Une suite de sans fautes ou presque
Itinéraire curieux de cette « petite mademoiselle » (surnom donné par Helmut), passée de la physique à la politique. Plus fort qu’Einstein qui refusa d’en faire « parce que c’était beaucoup plus compliquée que la physique » ! Elle a simplement appliqué le « principe de Goethe » où « Tout est plus simple qu’on ne peut l’imaginer et en même temps plus enchevêtré qu’on ne saurait le concevoir ». En fait, son passé scientifique lui a fourni les armes que n’ont pu acquérir les autres : le sang-froid et la constance. Dernière qualité reconnue généralement au peuple allemand qui l’a cultivée depuis les Aventures de Simplicius Simplicissimus (un excellent documentaire sur l’époque, peu connue des Français), pour qui, malheureusement et sur un mode picaresque de la Guerre de Trente Ans, conclut que « Seule est constante l’inconstance ».

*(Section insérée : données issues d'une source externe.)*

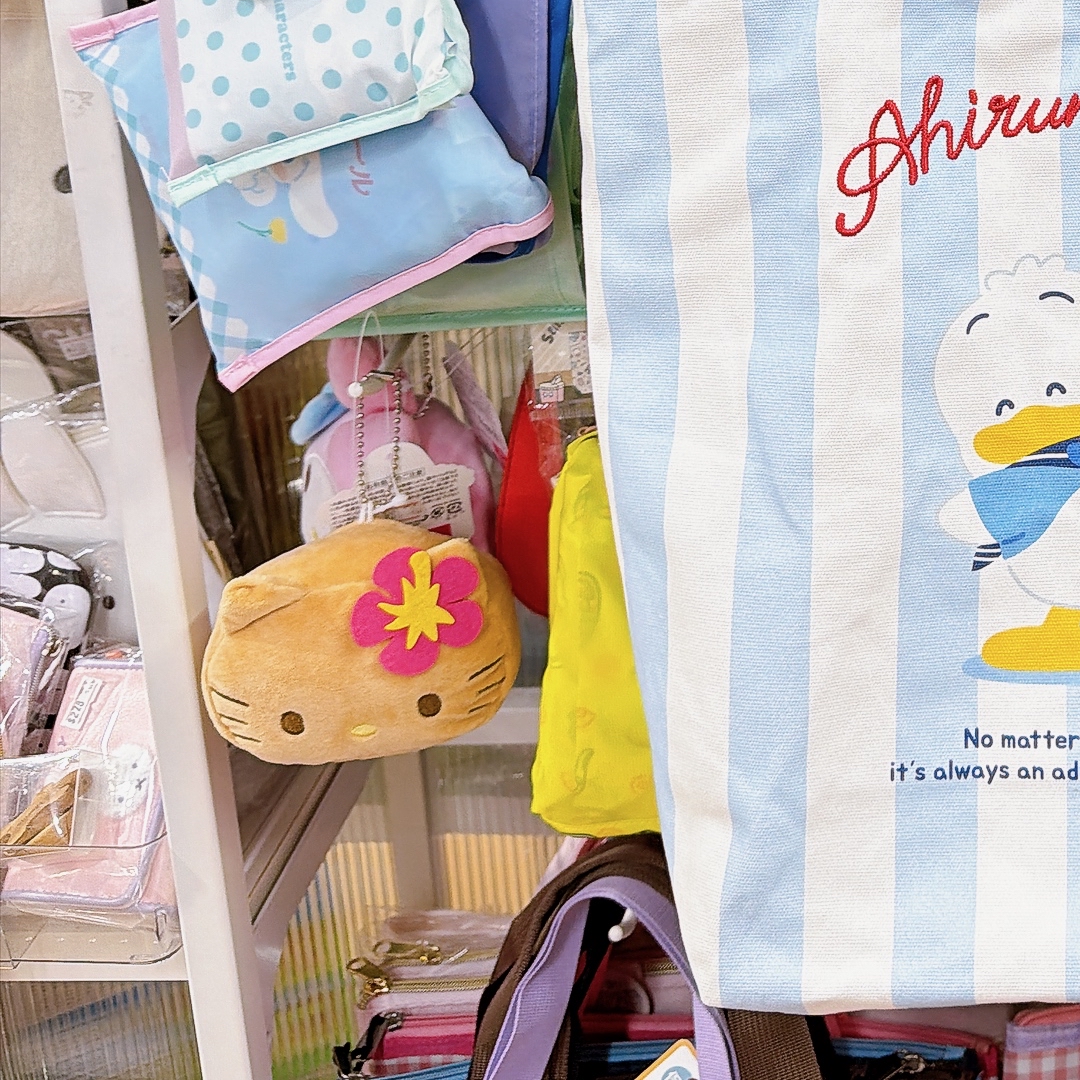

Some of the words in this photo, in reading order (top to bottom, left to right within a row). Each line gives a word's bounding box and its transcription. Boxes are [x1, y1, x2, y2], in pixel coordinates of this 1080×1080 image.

Politiquement, la chute de l’inoxydable Merkel est justement ce qui l’a fait apprécier par le monde des sans voix : l’ouverture aux migrants syriens avec son émotion non feinte : « Wir schaffen das » (nous allons y arriver). Même si, par derrière, elle a fait faire le tri en renvoyant les non qualifiés vers la France et la Belgique ! (souvenons-nous de cette bourrelière de sièges chez VW, bien intégrée à la langue et au monde occidental après six mois… C’était une ancienne procureure judiciaire ! Abitur + 7 sur facture !). Une culpabilité toute luthérienne de ne pas reproduire les barrières qu’elle a autrefois vécues ? Sans doute aussi la position commune depuis l’aventure nazie de se questionner sur la responsabilité collective, comme une introspection beethovenienne : « Ist es muß ? Es ist muß ! » (cela doit-il être ? Cela doit être !). Rappel conscient de la devise de Willy Brandt, autre chancelier, gravée sur sa tombe : « J’ai fait mon possible » ? Rappel permanent aussi, à Berlin, comme à Bonn, des prédécesseurs avec le couloir menant au bureau du chef de la chancellerie, affichant la galerie de leur portrait, pas toujours de belle exécution.

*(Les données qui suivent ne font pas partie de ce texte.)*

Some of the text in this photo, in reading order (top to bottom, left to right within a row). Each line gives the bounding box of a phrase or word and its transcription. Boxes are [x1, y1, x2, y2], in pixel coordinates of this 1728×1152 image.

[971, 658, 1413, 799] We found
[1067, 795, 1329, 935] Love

Néanmoins, sur le plan intérieur, sa politique d’accueil a radicalisé son allié bavarois, la CSU, et permit la création et le développement de l’AfD ( Alternativ für Deutschland, classé à l’extrême droite de l’échiquier) qui s’est empressé de « siphonner » les électeurs des deux partis conservateurs alliés, CDU et CSU. Politiquement, l’échec relatif de Merkel aux législatives de septembre 2018 lui demandera six mois d’efforts et de compromis pour former une coalition. Record seulement battu par les voisins belges.

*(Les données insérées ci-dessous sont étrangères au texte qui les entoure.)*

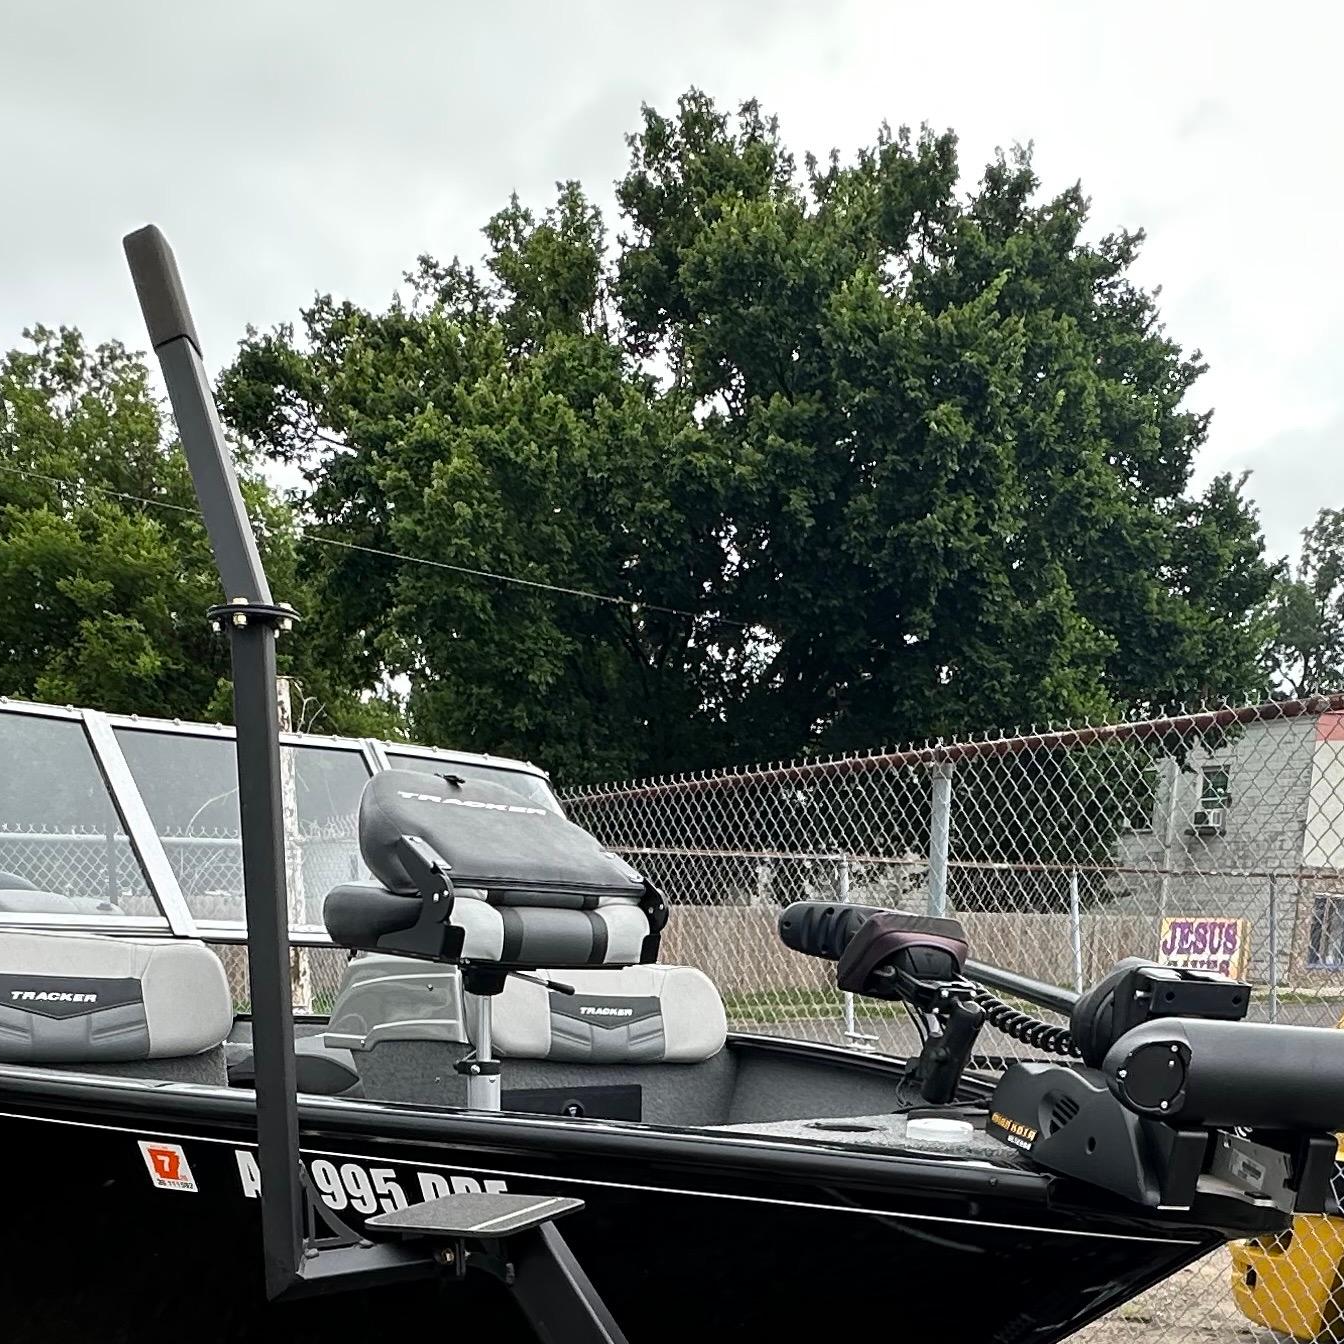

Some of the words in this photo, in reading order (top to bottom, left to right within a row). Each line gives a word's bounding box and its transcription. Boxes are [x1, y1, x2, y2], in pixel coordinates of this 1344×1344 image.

[1161, 922, 1237, 957] JESUS
[10, 990, 98, 1003] TRACKER
[579, 1006, 634, 1017] TRACKER
[156, 1154, 171, 1173] 7
[310, 1159, 409, 1215] 995

En attente du regard de l’Histoire
Alors Angela Merkel en bout de course ? Certainement. Mais si le coronavirus a sauvé une personne, c’est bien elle ! Gestion décentralisée efficace, du moins par rapport aux « états du sud ». Au pic de la seconde vague de la pandémie, elle est à 74 % d’opinion favorable (+ 21 % fin novembre 2020). Ses confrères sont au mieux à 45 %. Records européen et mondial battus… en régime démocratique ! Là-voici maintenant déclarée « Corona-Kanzlerin » ! Elle vient d’être sauvée avant le gong pour laisser une trace positive dans l’histoire et ne pas faire dire que son dernier mandat était celui de trop. On peut lui reprocher de trop privilégier les intérêts des entreprises allemandes plutôt que défendre un idéal européen… mais elle a des électeurs. Un régime parlementaire n’est pas un régime présidentiel (les Allemands depuis une mauvaise expérience ont peur des conducteurs de la nation). Alors, Angela Merkel, mère de l’Europe ? La Chancelière est aux portes de l’Histoire. Encore un peu de recul pour juger puisque, comme.l’écrivait Schiller, « L’histoire du monde est le jugement du monde ».